A republic that cannot account for its own forgotten citizens is not a republic in any serious sense of the word. It is a legal arrangement, a set of procedures, a flag over a courthouse. The founders understood, in their better moments, that self-government was a moral compact as much as a constitutional one, and that compact has always been tested most honestly not at the center but at the edges, not in the capital but in the places where the capital’s attention does not reach. Those edges are where I intend to plant this column and keep it planted.
Consider what a town actually is, in the old civic sense that the framers inherited and that we have largely squandered. A town is not a service-delivery zone. It is not a node in a supply chain. It is a community of mutual obligation, a place where people who did not choose each other are nonetheless answerable to each other, because they share a common fate under a common government. That answerability is the germ of self-government at its most honest. When a town forgets its most vulnerable residents, when it zones them out, prices them out, locks them up and stops counting, it has not merely failed administratively. It has broken the compact that gives it the right to call itself a community at all.
The political economy of abandonment did not happen overnight, and it did not happen without choices. Decisions were made at the federal level to hollow out certain revenue streams to localities. Decisions were made at the state level to consolidate services far from the people who needed them most. Decisions were made at the municipal level to pursue tax bases that attracted the comfortable and discouraged the marginal. Each decision had a rationale. Budgets had to balance. Growth had to be cultivated. None of these rationales was entirely without merit, and none of them was made with malice. But the cumulative effect was a political economy that systematically off-loaded its most expensive human problems onto the people least equipped to bear them, and then declined to look at what it had done.
What a town owes its forgotten is not charity. Charity is voluntary, episodic, and conditional on the mood of the giver. What a town owes is obligation, the kind that flows from shared citizenship and shared taxation and shared residence under a common law. The forgotten man who sleeps in a doorway on Main Street is not a problem to be managed away. He is a stakeholder in the same constitutional order that protects the property owner across the street, and he is owed the same seriousness of consideration when the town draws its budgets and writes its ordinances and elects its officers. This is not sentimentalism. It is a reading of what republican government actually requires when you press on it hard enough.
The states have a particular responsibility here that they have been too comfortable ignoring. The Constitution reserves to the states an enormous sphere of authority over the daily conditions of life, over education and housing and the administration of justice and the structure of local government itself. That authority is not only a privilege. It is a trust, and the terms of that trust include the citizens who benefit least visibly from its exercise.
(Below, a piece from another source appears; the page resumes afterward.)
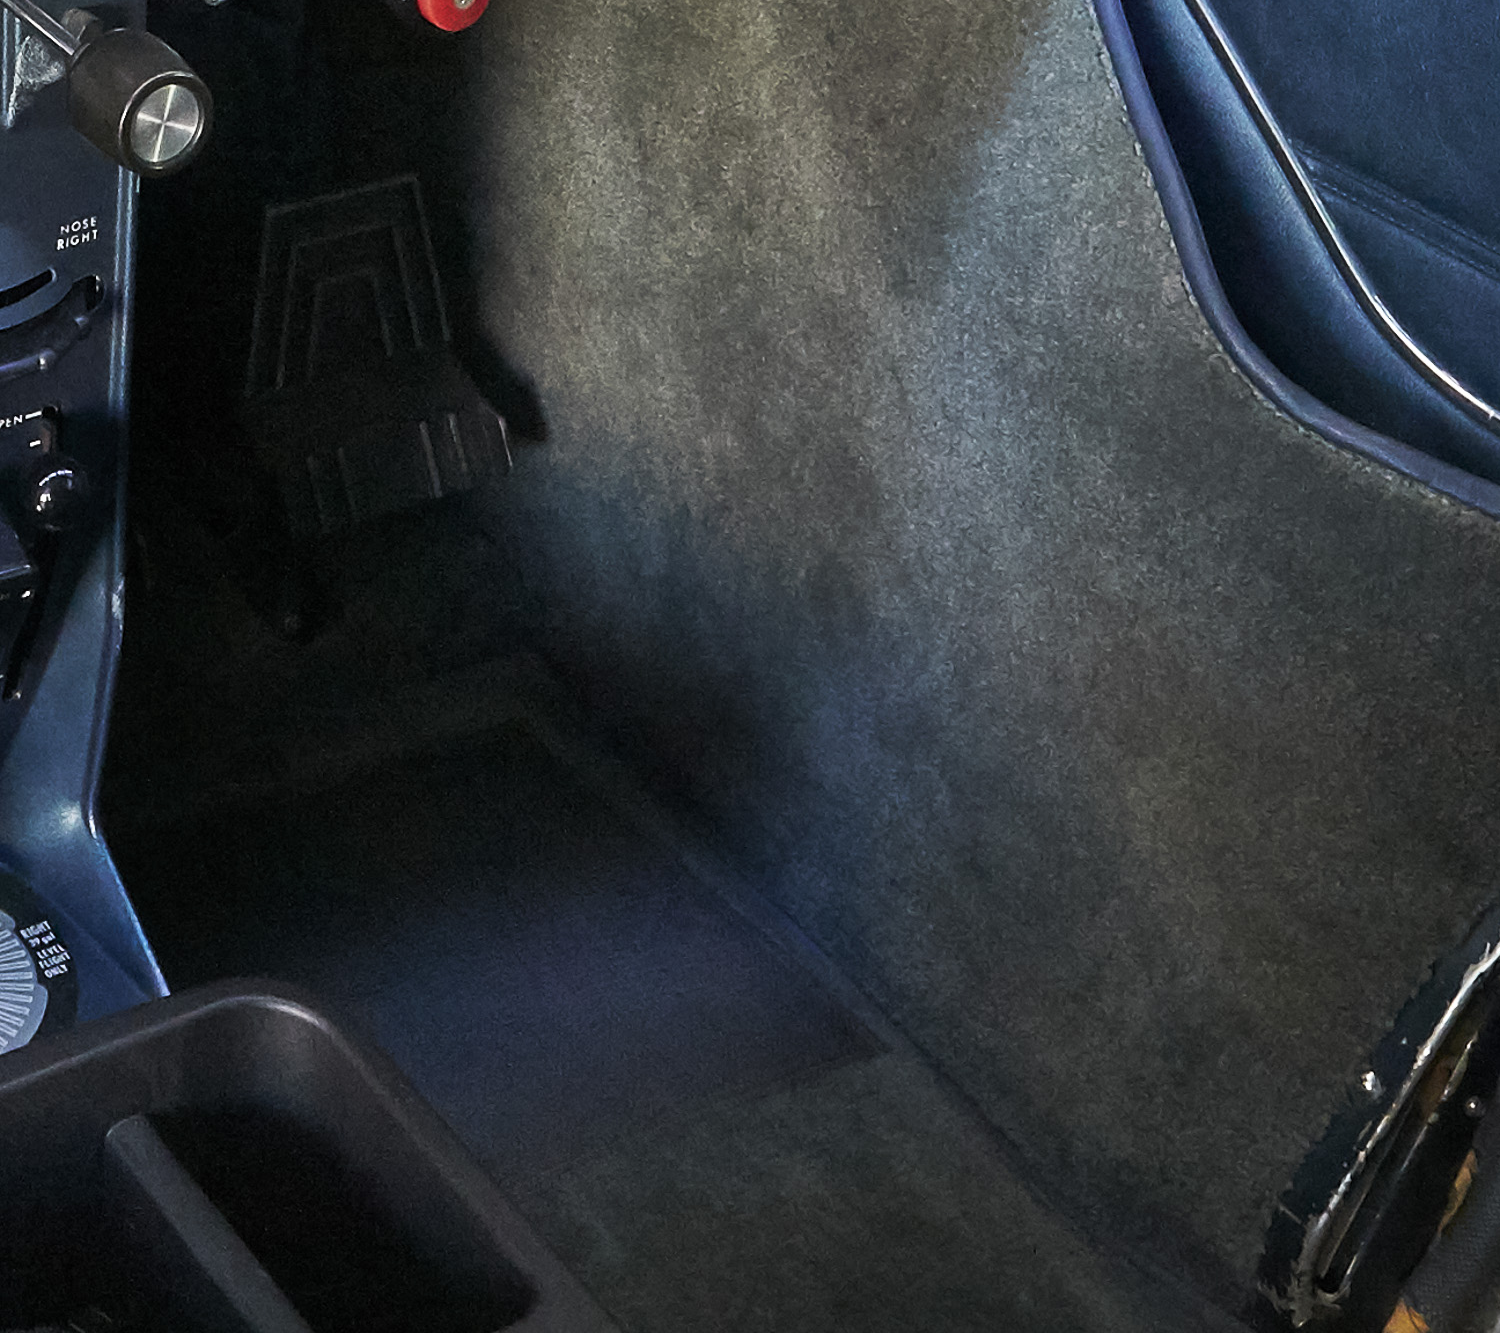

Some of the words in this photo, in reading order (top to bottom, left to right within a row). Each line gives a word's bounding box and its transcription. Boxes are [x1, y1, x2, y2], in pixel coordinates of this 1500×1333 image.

[60, 217, 98, 235] NOSE
[56, 230, 100, 250] RIGHT
[19, 920, 52, 938] RIGHT
[38, 952, 71, 971] FLIGHT
A governor who can tell you the unemployment rate to two decimal places but cannot tell you how many citizens in his state have no fixed address, no consistent medical care, and no realistic path back into the wage economy, is not governing. He is administering the comfortable and ignoring the rest. The states were designed to be laboratories of democracy, but a laboratory that only runs experiments on the healthy half of its population is not producing knowledge. It is producing flattery.
Elections, too, bear on this in ways that are rarely discussed honestly. The forgotten do not vote in the proportions that the comfortable do. This is well documented and well known, and political campaigns have rational incentives to design themselves around the electorate that shows up rather than the one that does not. That rationality produces governments that are structurally biased toward the represented and structurally indifferent to the unrepresented, not because anyone woke up deciding to be cruel, but because the incentive architecture of democratic competition makes neglect the path of least resistance. Reforming that architecture, through automatic registration, through serious civic investment in the poorest precincts, through campaign structures that force candidates into the rooms where the forgotten actually live, is not a partisan project. It is a constitutional imperative if self-government is to mean what it claims to mean.
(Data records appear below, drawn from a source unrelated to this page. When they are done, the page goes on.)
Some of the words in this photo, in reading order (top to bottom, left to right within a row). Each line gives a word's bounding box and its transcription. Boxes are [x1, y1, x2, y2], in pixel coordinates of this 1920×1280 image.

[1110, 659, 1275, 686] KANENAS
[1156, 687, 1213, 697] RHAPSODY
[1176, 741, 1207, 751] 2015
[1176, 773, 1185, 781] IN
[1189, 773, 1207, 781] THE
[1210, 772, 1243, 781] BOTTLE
I will write in this space for as long as the editors will have me, and I will write about government and law and elections and money and the states, because those are the instruments through which a republic keeps or breaks its word to the people it governs. I will try to keep my eye on the man the system is likeliest to forget, because he is the truest measure of whether the system is working. Not the median voter. Not the investor. Not the constituent who gets returned phone calls. The one who does not get returned phone calls. The one who does not have a phone. He is who this republic is for, if it is for anyone at all, and I will not let this column look away from him, because the moment a republic stops looking at its own forgotten, it has already begun to fail them a second time.